== Dataset entries
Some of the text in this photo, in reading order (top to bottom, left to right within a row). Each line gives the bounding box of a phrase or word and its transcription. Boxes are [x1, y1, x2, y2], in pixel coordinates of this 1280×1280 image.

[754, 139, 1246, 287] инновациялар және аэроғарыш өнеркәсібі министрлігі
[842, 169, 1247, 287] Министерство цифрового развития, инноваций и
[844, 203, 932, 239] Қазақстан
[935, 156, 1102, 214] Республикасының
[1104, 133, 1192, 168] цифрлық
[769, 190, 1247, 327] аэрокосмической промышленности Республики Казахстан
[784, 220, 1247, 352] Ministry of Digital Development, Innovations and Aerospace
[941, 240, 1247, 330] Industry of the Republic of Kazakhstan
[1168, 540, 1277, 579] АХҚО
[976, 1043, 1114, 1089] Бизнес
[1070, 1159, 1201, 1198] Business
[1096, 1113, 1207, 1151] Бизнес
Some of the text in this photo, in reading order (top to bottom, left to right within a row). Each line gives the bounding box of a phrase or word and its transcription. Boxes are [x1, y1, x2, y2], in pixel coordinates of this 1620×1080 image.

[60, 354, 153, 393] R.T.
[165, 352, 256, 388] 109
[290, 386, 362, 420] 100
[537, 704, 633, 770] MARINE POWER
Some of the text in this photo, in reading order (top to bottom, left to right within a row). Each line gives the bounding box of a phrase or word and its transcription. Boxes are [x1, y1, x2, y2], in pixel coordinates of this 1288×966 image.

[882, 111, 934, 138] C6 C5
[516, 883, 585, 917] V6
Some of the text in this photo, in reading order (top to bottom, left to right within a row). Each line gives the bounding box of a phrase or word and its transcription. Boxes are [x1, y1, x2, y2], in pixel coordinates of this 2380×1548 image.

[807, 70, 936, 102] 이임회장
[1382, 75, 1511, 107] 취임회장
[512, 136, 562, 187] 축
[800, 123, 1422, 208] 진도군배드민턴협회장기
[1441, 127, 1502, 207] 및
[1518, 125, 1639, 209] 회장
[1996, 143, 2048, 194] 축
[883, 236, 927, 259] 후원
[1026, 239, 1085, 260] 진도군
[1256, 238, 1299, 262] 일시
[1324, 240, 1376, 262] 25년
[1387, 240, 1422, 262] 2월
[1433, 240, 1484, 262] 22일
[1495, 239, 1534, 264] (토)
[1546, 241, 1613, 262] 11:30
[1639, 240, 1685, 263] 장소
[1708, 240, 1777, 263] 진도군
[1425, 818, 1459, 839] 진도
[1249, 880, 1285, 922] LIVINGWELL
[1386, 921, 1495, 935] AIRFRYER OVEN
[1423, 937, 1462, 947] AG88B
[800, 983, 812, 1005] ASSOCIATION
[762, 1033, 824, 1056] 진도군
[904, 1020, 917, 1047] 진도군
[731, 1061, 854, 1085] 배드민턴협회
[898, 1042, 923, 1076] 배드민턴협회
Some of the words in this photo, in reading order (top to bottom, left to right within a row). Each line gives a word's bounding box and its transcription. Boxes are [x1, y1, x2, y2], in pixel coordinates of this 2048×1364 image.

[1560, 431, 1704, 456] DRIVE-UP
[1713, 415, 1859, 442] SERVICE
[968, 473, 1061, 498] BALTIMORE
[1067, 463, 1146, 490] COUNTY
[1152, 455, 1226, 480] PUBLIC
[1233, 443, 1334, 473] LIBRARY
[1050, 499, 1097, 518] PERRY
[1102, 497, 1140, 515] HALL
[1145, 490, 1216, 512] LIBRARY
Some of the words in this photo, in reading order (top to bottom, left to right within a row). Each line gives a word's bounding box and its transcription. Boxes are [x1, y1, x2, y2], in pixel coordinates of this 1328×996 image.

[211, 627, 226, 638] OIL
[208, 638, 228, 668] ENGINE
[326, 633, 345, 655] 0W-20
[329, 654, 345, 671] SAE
====
◆ Exercise aim
Each entry above must be set down again without alteration.

◆ Answer to this task
Some of the text in this photo, in reading order (top to bottom, left to right within a row). Each line gives the bounding box of a phrase or word and its transcription. Boxes are [x1, y1, x2, y2], in pixel coordinates of this 1280×1280 image.

[754, 139, 1246, 287] инновациялар және аэроғарыш өнеркәсібі министрлігі
[842, 169, 1247, 287] Министерство цифрового развития, инноваций и
[844, 203, 932, 239] Қазақстан
[935, 156, 1102, 214] Республикасының
[1104, 133, 1192, 168] цифрлық
[769, 190, 1247, 327] аэрокосмической промышленности Республики Казахстан
[784, 220, 1247, 352] Ministry of Digital Development, Innovations and Aerospace
[941, 240, 1247, 330] Industry of the Republic of Kazakhstan
[1168, 540, 1277, 579] АХҚО
[976, 1043, 1114, 1089] Бизнес
[1070, 1159, 1201, 1198] Business
[1096, 1113, 1207, 1151] Бизнес
Some of the text in this photo, in reading order (top to bottom, left to right within a row). Each line gives the bounding box of a phrase or word and its transcription. Boxes are [x1, y1, x2, y2], in pixel coordinates of this 1620×1080 image.

[60, 354, 153, 393] R.T.
[165, 352, 256, 388] 109
[290, 386, 362, 420] 100
[537, 704, 633, 770] MARINE POWER
Some of the text in this photo, in reading order (top to bottom, left to right within a row). Each line gives the bounding box of a phrase or word and its transcription. Boxes are [x1, y1, x2, y2], in pixel coordinates of this 1288×966 image.

[882, 111, 934, 138] C6 C5
[516, 883, 585, 917] V6
Some of the text in this photo, in reading order (top to bottom, left to right within a row). Each line gives the bounding box of a phrase or word and its transcription. Boxes are [x1, y1, x2, y2], in pixel coordinates of this 2380×1548 image.

[807, 70, 936, 102] 이임회장
[1382, 75, 1511, 107] 취임회장
[512, 136, 562, 187] 축
[800, 123, 1422, 208] 진도군배드민턴협회장기
[1441, 127, 1502, 207] 및
[1518, 125, 1639, 209] 회장
[1996, 143, 2048, 194] 축
[883, 236, 927, 259] 후원
[1026, 239, 1085, 260] 진도군
[1256, 238, 1299, 262] 일시
[1324, 240, 1376, 262] 25년
[1387, 240, 1422, 262] 2월
[1433, 240, 1484, 262] 22일
[1495, 239, 1534, 264] (토)
[1546, 241, 1613, 262] 11:30
[1639, 240, 1685, 263] 장소
[1708, 240, 1777, 263] 진도군
[1425, 818, 1459, 839] 진도
[1249, 880, 1285, 922] LIVINGWELL
[1386, 921, 1495, 935] AIRFRYER OVEN
[1423, 937, 1462, 947] AG88B
[800, 983, 812, 1005] ASSOCIATION
[762, 1033, 824, 1056] 진도군
[904, 1020, 917, 1047] 진도군
[731, 1061, 854, 1085] 배드민턴협회
[898, 1042, 923, 1076] 배드민턴협회
Some of the words in this photo, in reading order (top to bottom, left to right within a row). Each line gives a word's bounding box and its transcription. Boxes are [x1, y1, x2, y2], in pixel coordinates of this 2048×1364 image.

[1560, 431, 1704, 456] DRIVE-UP
[1713, 415, 1859, 442] SERVICE
[968, 473, 1061, 498] BALTIMORE
[1067, 463, 1146, 490] COUNTY
[1152, 455, 1226, 480] PUBLIC
[1233, 443, 1334, 473] LIBRARY
[1050, 499, 1097, 518] PERRY
[1102, 497, 1140, 515] HALL
[1145, 490, 1216, 512] LIBRARY
Some of the words in this photo, in reading order (top to bottom, left to right within a row). Each line gives a word's bounding box and its transcription. Boxes are [x1, y1, x2, y2], in pixel coordinates of this 1328×996 image.

[211, 627, 226, 638] OIL
[208, 638, 228, 668] ENGINE
[326, 633, 345, 655] 0W-20
[329, 654, 345, 671] SAE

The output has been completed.